= Exercise details =
The entries below should be quoted exactly, with no pictures carried over.

= Data records =
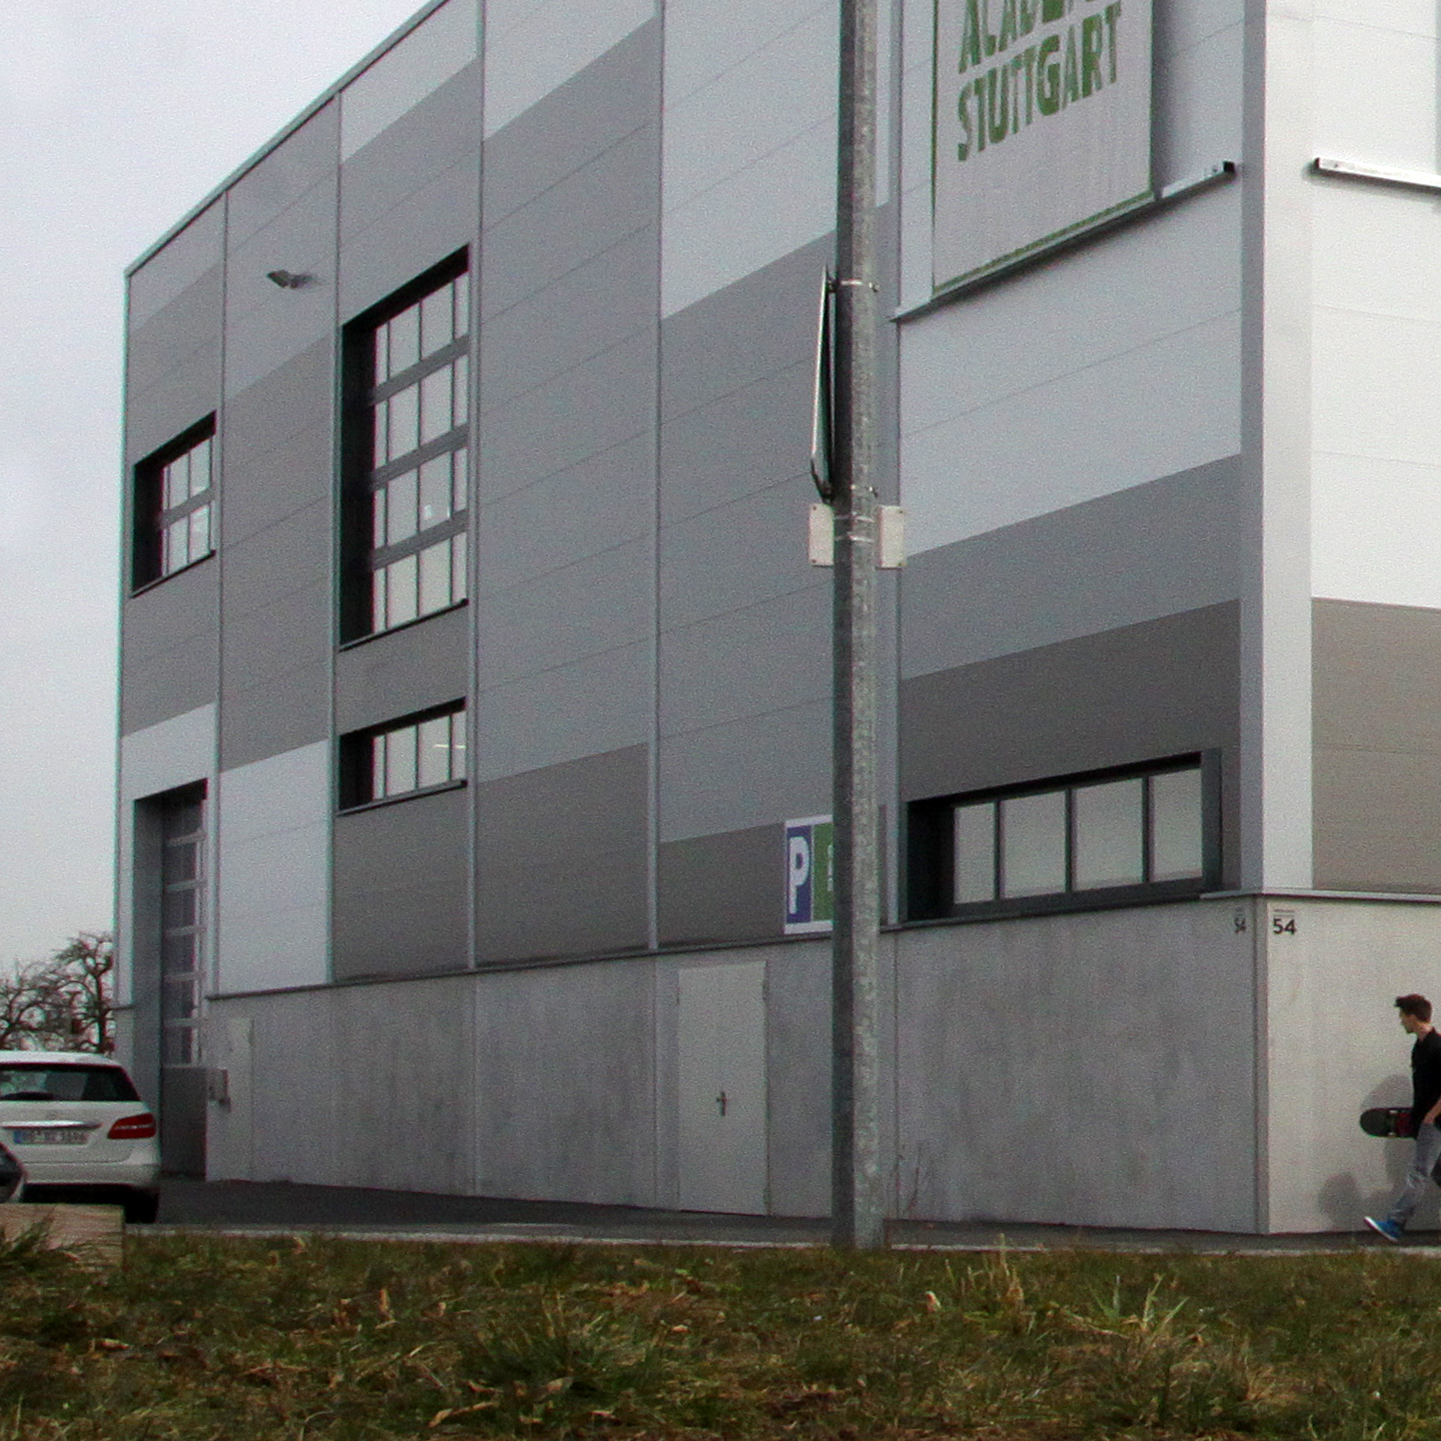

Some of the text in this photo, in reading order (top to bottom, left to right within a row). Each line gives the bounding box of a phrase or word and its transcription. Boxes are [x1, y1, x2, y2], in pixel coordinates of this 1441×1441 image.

[957, 0, 1121, 161] STUTTGART
[788, 836, 810, 914] P
[1273, 917, 1297, 935] 54
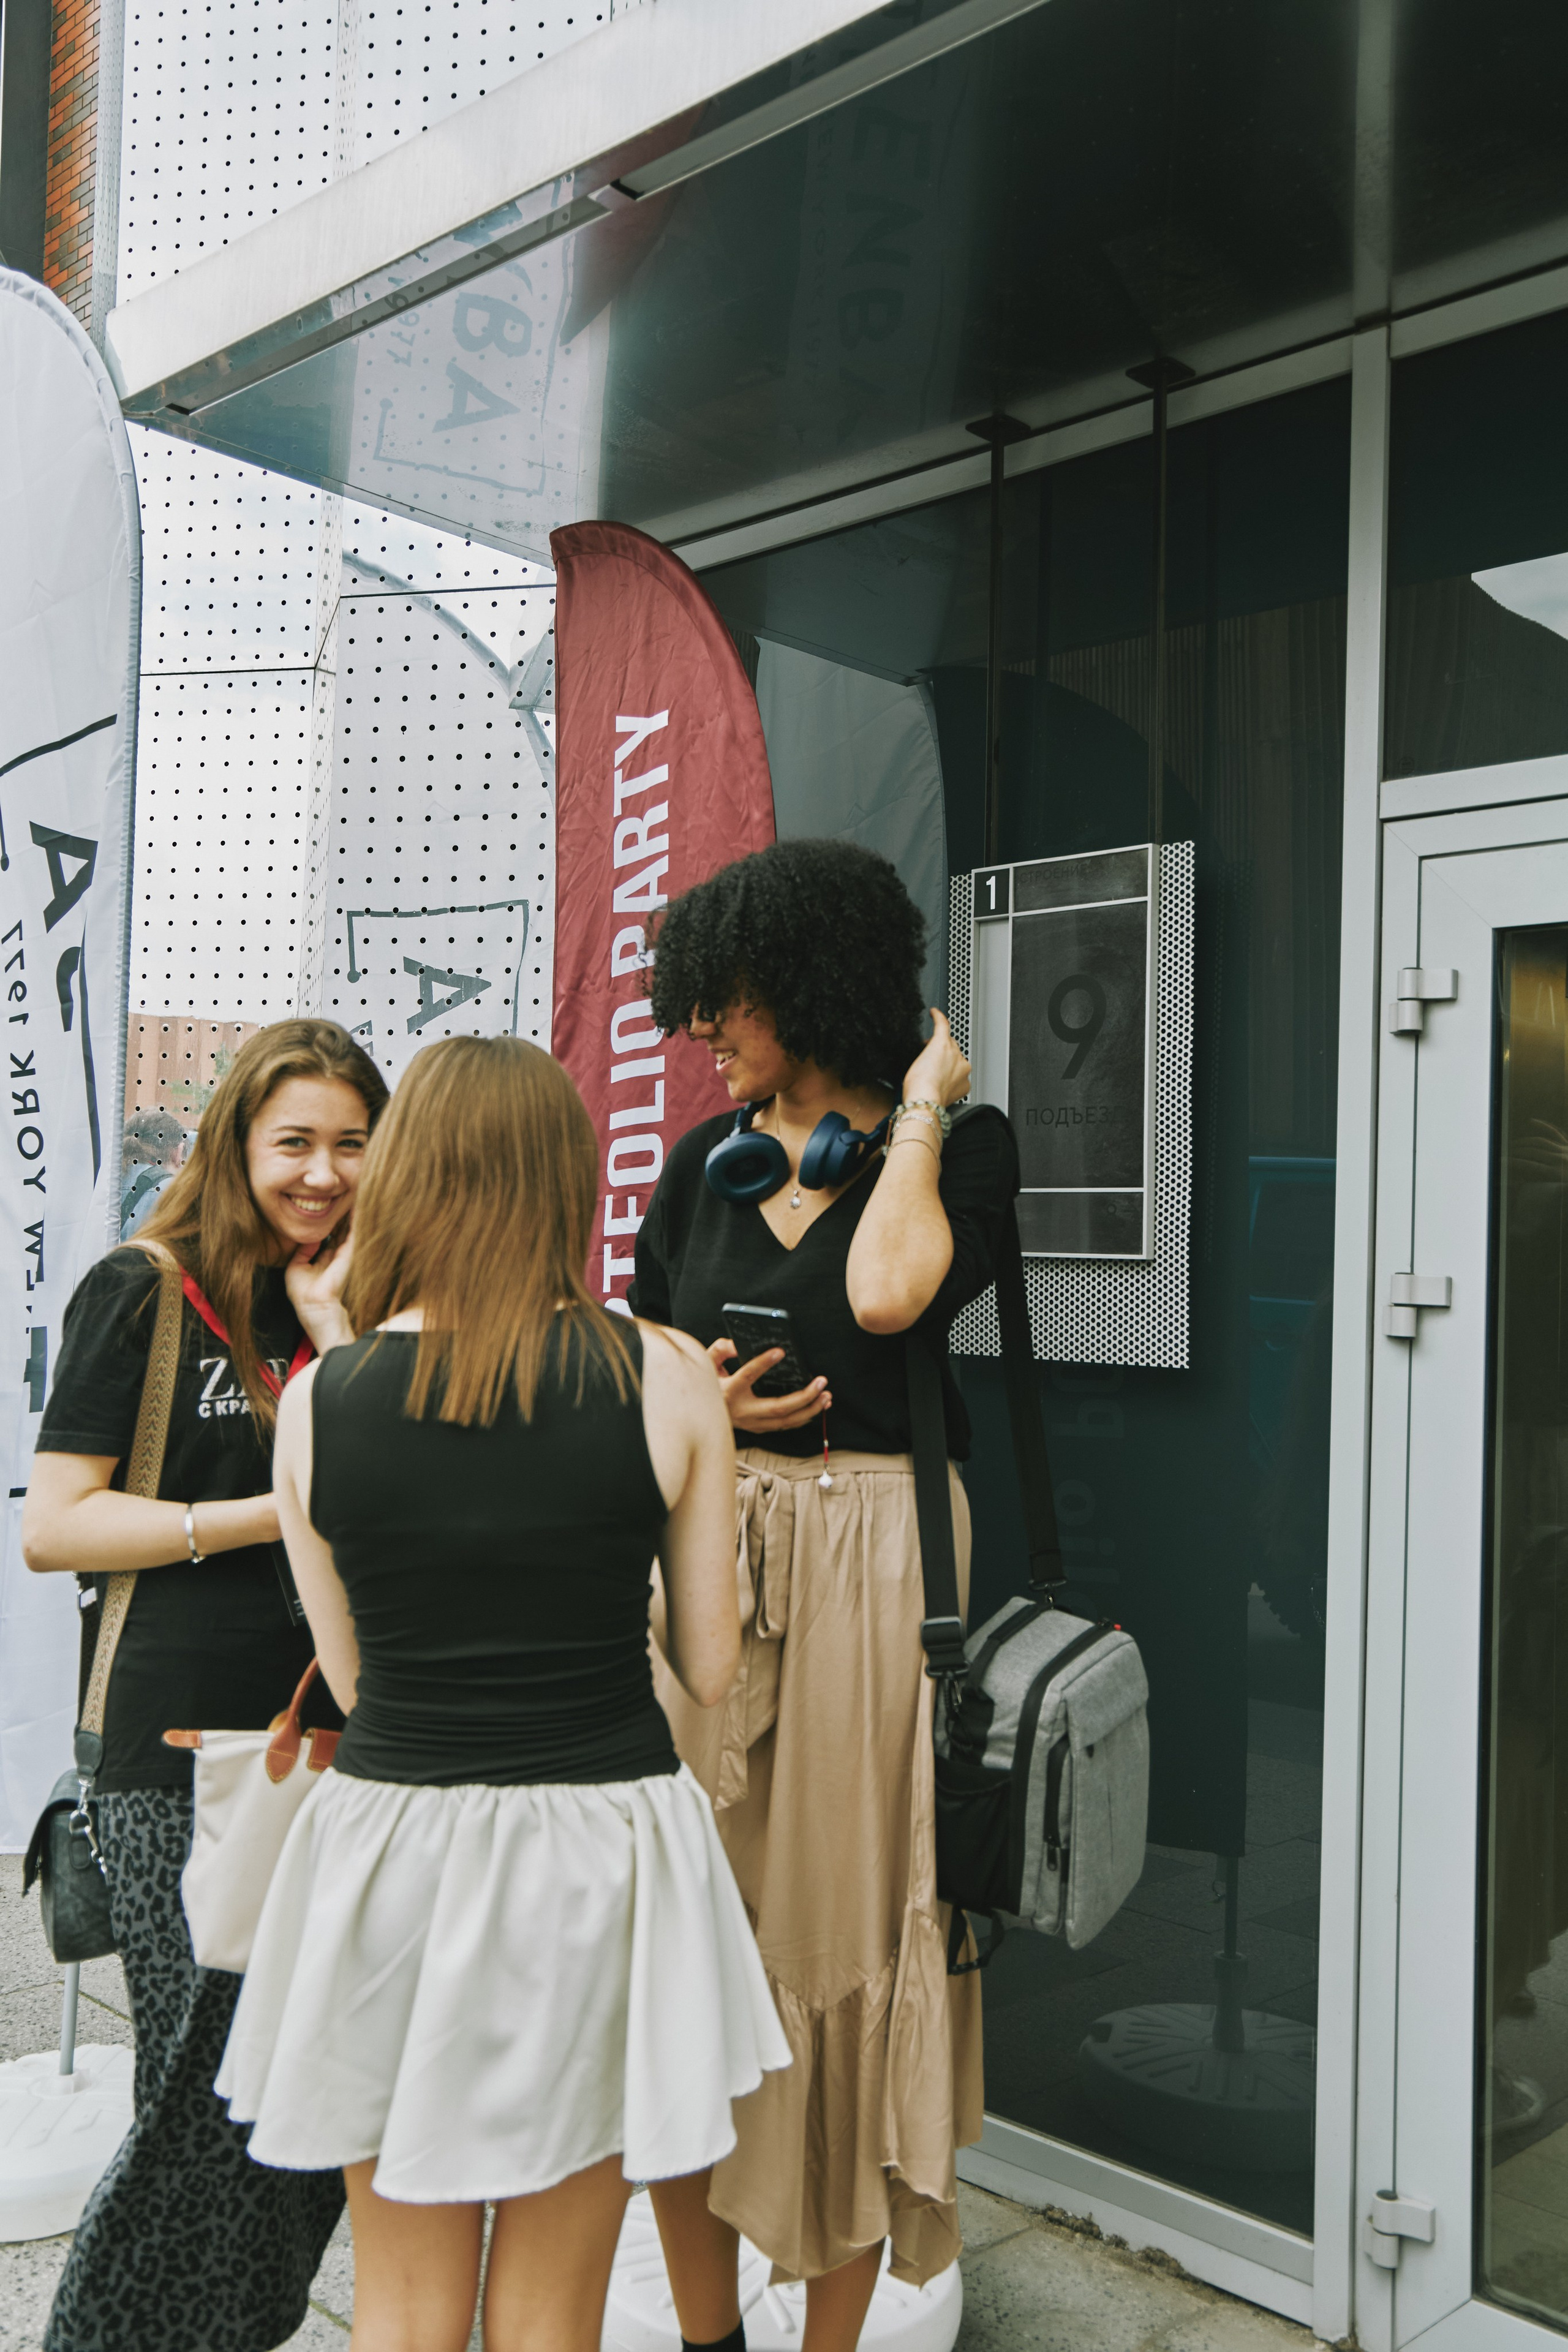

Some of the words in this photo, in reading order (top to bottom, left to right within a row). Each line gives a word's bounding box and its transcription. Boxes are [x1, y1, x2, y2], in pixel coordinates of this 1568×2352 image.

[611, 710, 668, 978] PARTY
[985, 875, 997, 910] 1
[1047, 974, 1107, 1080] 9

= Response to this task =
Some of the text in this photo, in reading order (top to bottom, left to right within a row). Each line gives the bounding box of a phrase or word and its transcription. Boxes are [x1, y1, x2, y2], in pixel coordinates of this 1441×1441 image.

[957, 0, 1121, 161] STUTTGART
[788, 836, 810, 914] P
[1273, 917, 1297, 935] 54

Some of the words in this photo, in reading order (top to bottom, left to right within a row). Each line gives a word's bounding box and its transcription. Boxes are [x1, y1, x2, y2], in pixel coordinates of this 1568×2352 image.

[611, 710, 668, 978] PARTY
[985, 875, 997, 910] 1
[1047, 974, 1107, 1080] 9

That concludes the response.